In 2003, a judge in Rancho Cucamonga ruled against the county in the dispute with Colonies over a flood-control basin on the company’s land in Upland.
But in 2005, the state Court of Appeal overturned it, ruling in favor of the county on some issues and sending others back to a local court.
In July 2006, a different local judge ruled against the county even more strongly than the Rancho Cucamonga judge had.
But the ruling conflicted with the higher court’s, so I thought the county had grounds to challenge it.
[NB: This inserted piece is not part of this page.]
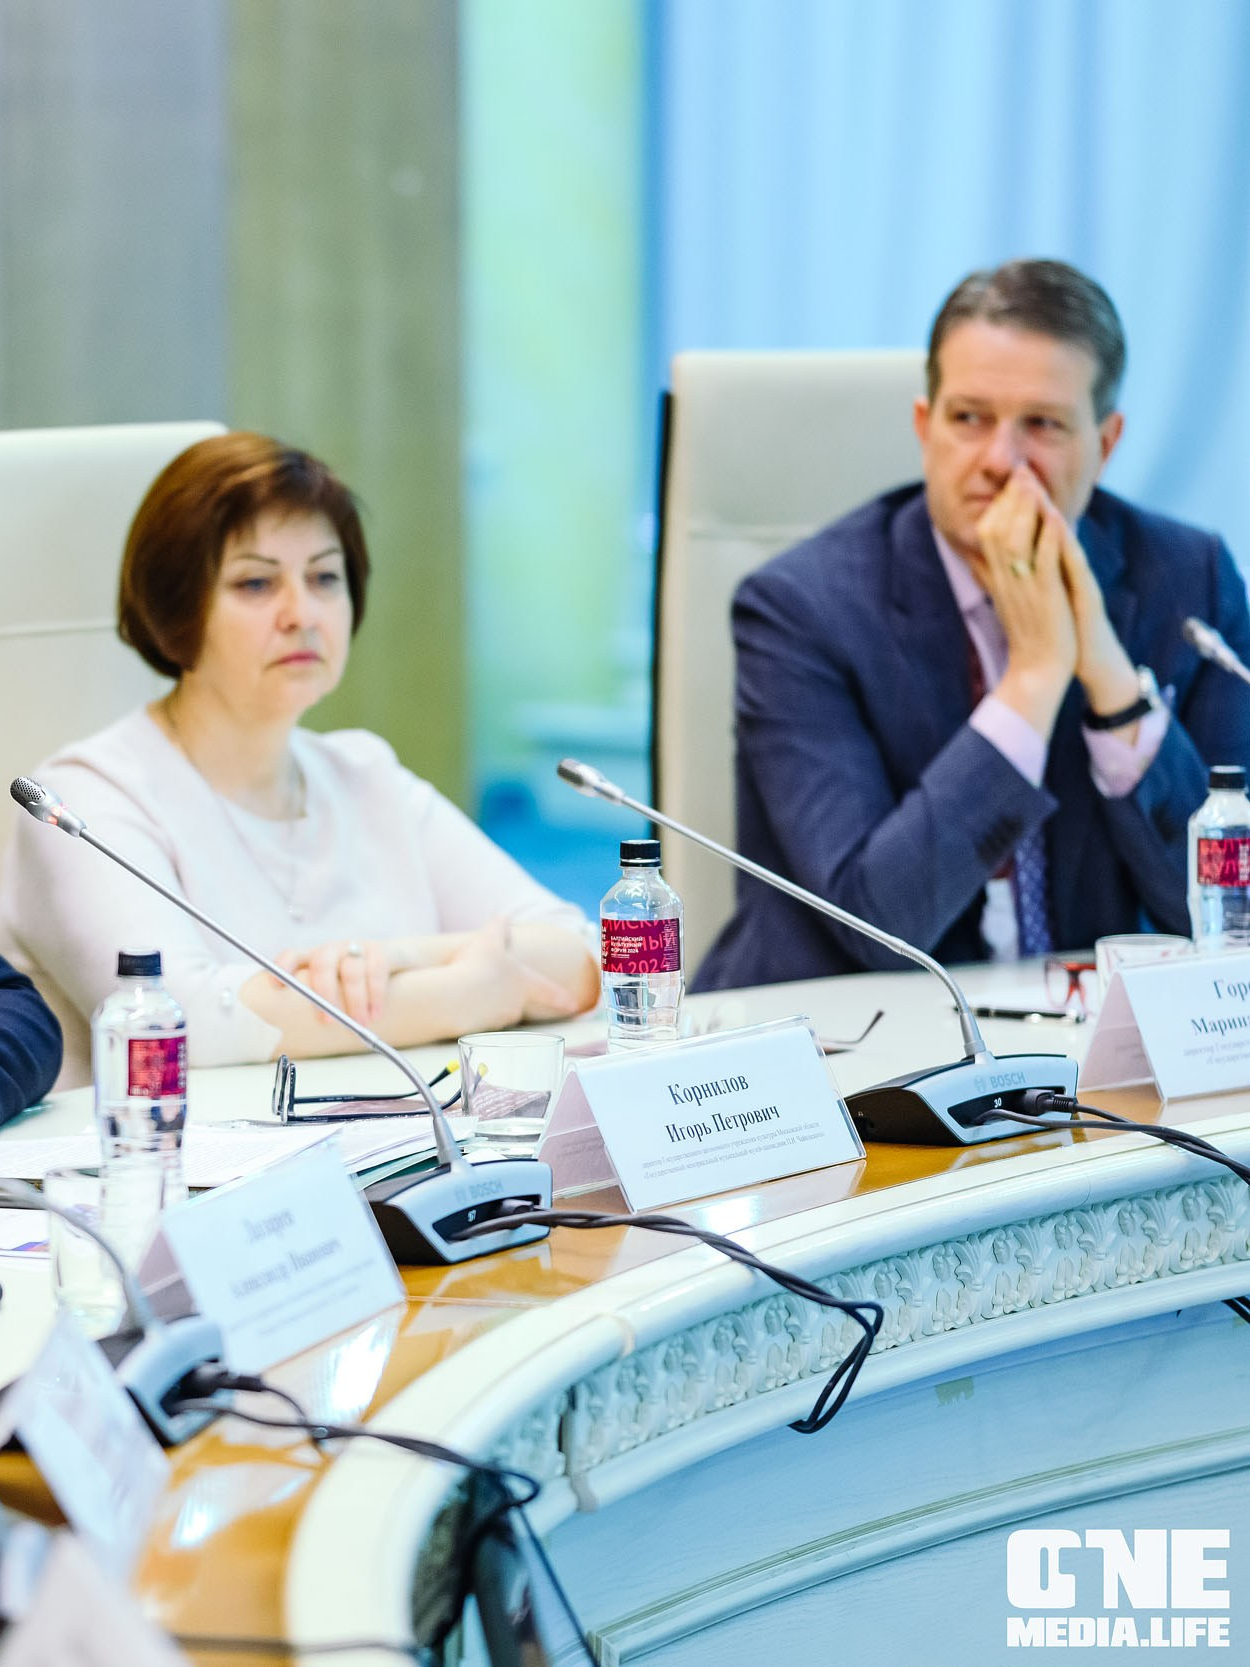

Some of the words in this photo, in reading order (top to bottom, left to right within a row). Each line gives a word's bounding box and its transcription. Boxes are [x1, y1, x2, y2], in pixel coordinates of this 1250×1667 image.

[667, 1073, 750, 1106] Корнилов
[990, 1071, 1027, 1088] BOSCH
[664, 1123, 712, 1143] Игорь
[711, 1105, 780, 1132] Петрович
Instead, the Board of Supervisors decided on a 3-to-2 vote to give up.
I think the supervisors had battle fatigue from the four-year fight with influential developer Jeff Burum, his crackerjack legal team and influential consultants.
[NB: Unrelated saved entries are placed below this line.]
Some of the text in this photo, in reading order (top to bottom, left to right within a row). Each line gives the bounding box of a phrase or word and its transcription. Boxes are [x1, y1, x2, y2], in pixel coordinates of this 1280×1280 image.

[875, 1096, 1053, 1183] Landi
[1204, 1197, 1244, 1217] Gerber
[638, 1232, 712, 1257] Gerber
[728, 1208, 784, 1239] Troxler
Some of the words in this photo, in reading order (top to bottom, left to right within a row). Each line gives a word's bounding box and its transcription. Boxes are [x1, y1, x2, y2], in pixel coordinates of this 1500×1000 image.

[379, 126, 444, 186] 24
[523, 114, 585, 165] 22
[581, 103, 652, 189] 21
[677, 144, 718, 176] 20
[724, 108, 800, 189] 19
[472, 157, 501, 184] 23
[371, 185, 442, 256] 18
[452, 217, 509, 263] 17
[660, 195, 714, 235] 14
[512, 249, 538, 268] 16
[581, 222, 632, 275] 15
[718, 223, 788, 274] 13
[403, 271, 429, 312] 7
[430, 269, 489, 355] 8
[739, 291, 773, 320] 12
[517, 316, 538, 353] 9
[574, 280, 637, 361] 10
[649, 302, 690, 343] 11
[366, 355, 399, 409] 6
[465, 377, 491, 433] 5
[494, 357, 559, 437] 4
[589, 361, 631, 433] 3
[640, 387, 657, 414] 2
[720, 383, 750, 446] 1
But now it seems the settlement could unravel.
The district attorney three weeks ago alleged it was tainted by bribery, extortion and conspiracy and that five unnamed, uncharged co-conspirators used a combination of bribes and threats to get then-Supervisor Bill Postmus and supervisors Gary Ovitt and Paul Biane to approve the deal.
On Wednesday, the San Bernardino Associated Governments — which the county is suing to recoup some of the $102 million — suggested the supervisors launch an independent investigation into how the settlement was reached.
If it indeed was tainted, the board should dismiss the suit against SANBAG, the SANBAG board said in a resolution.
A law firm that defended the county warned in 2005 that if a then-proposed settlement were found unreasonable, the county might not be able to collect the portions of the settlement it was to seek from SANBAG, Caltrans and Upland, a warning the SANBAG action now seems to bear out.
Several aspects of the settlement seem unreasonable.
It calculates the value of Colonies’ flood-control basin at $1.5 million per acre, what it would be worth if homes were built on it. But plans since the late 1980s always showed the basin as open space, flood control and groundwater recharge. Colonies knew that when it bought the land in 1997.